> [WORK REQUEST] Could you print each entry below verbatim while omitting the pictures?

━━━ STUDY MATERIAL

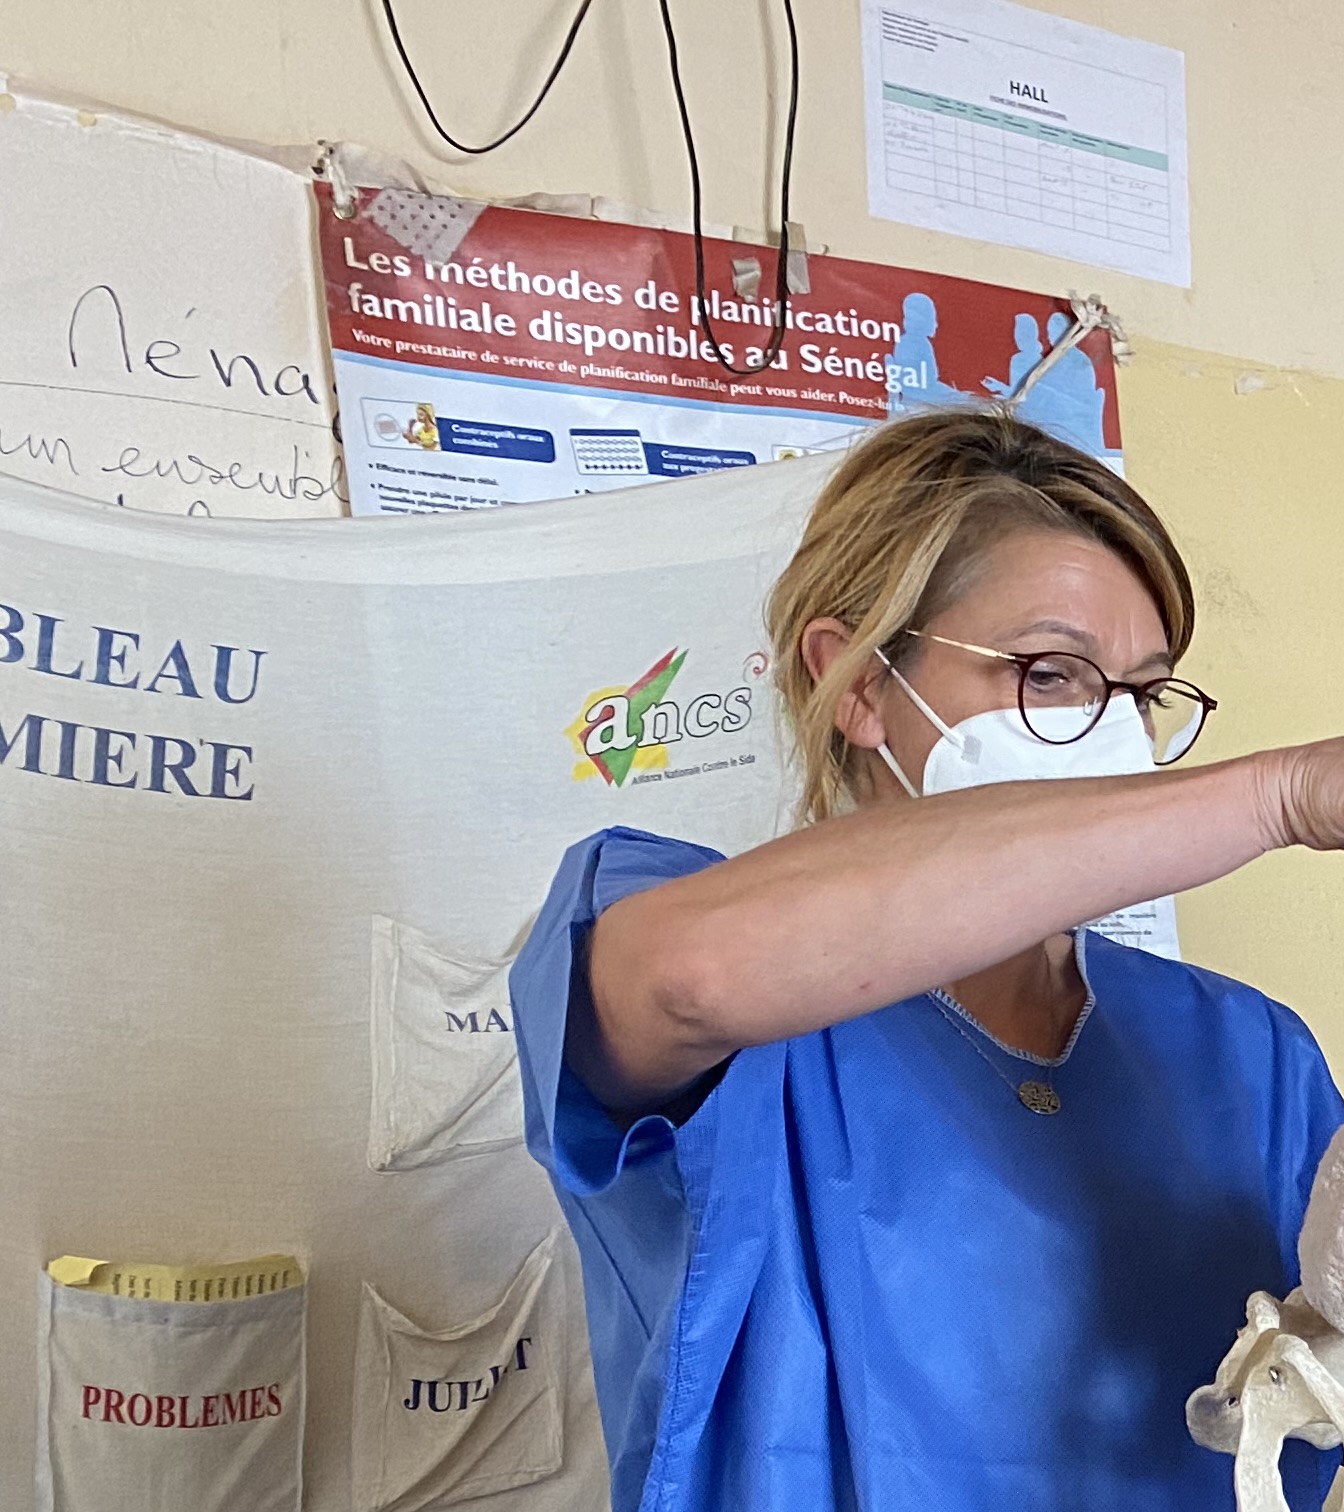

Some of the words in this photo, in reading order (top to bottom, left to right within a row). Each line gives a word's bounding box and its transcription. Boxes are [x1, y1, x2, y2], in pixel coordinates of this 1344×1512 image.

[1009, 80, 1048, 103] HALL
[343, 237, 412, 277] Les
[424, 257, 622, 305] méthodes
[635, 281, 680, 313] de
[348, 282, 517, 337] familiale
[528, 309, 734, 366] disponibles
[745, 345, 788, 371] au
[799, 343, 928, 393] Sénégal
[352, 328, 392, 349] Votre
[395, 338, 477, 362] prestataire
[480, 350, 500, 364] de
[503, 356, 555, 373] service
[558, 360, 577, 374] de
[580, 364, 668, 386] planification
[671, 373, 728, 393] familiale
[730, 384, 762, 399] peut
[765, 387, 798, 400] vous
[800, 389, 837, 404] aider.
[584, 686, 752, 757] ancs
[444, 1007, 514, 1033] MA
[81, 1381, 283, 1429] PROBLEMES

━━━━━━

> [FINAL ANSWER]
Some of the words in this photo, in reading order (top to bottom, left to right within a row). Each line gives a word's bounding box and its transcription. Boxes are [x1, y1, x2, y2], in pixel coordinates of this 1344×1512 image.

[1009, 80, 1048, 103] HALL
[343, 237, 412, 277] Les
[424, 257, 622, 305] méthodes
[635, 281, 680, 313] de
[348, 282, 517, 337] familiale
[528, 309, 734, 366] disponibles
[745, 345, 788, 371] au
[799, 343, 928, 393] Sénégal
[352, 328, 392, 349] Votre
[395, 338, 477, 362] prestataire
[480, 350, 500, 364] de
[503, 356, 555, 373] service
[558, 360, 577, 374] de
[580, 364, 668, 386] planification
[671, 373, 728, 393] familiale
[730, 384, 762, 399] peut
[765, 387, 798, 400] vous
[800, 389, 837, 404] aider.
[584, 686, 752, 757] ancs
[444, 1007, 514, 1033] MA
[81, 1381, 283, 1429] PROBLEMES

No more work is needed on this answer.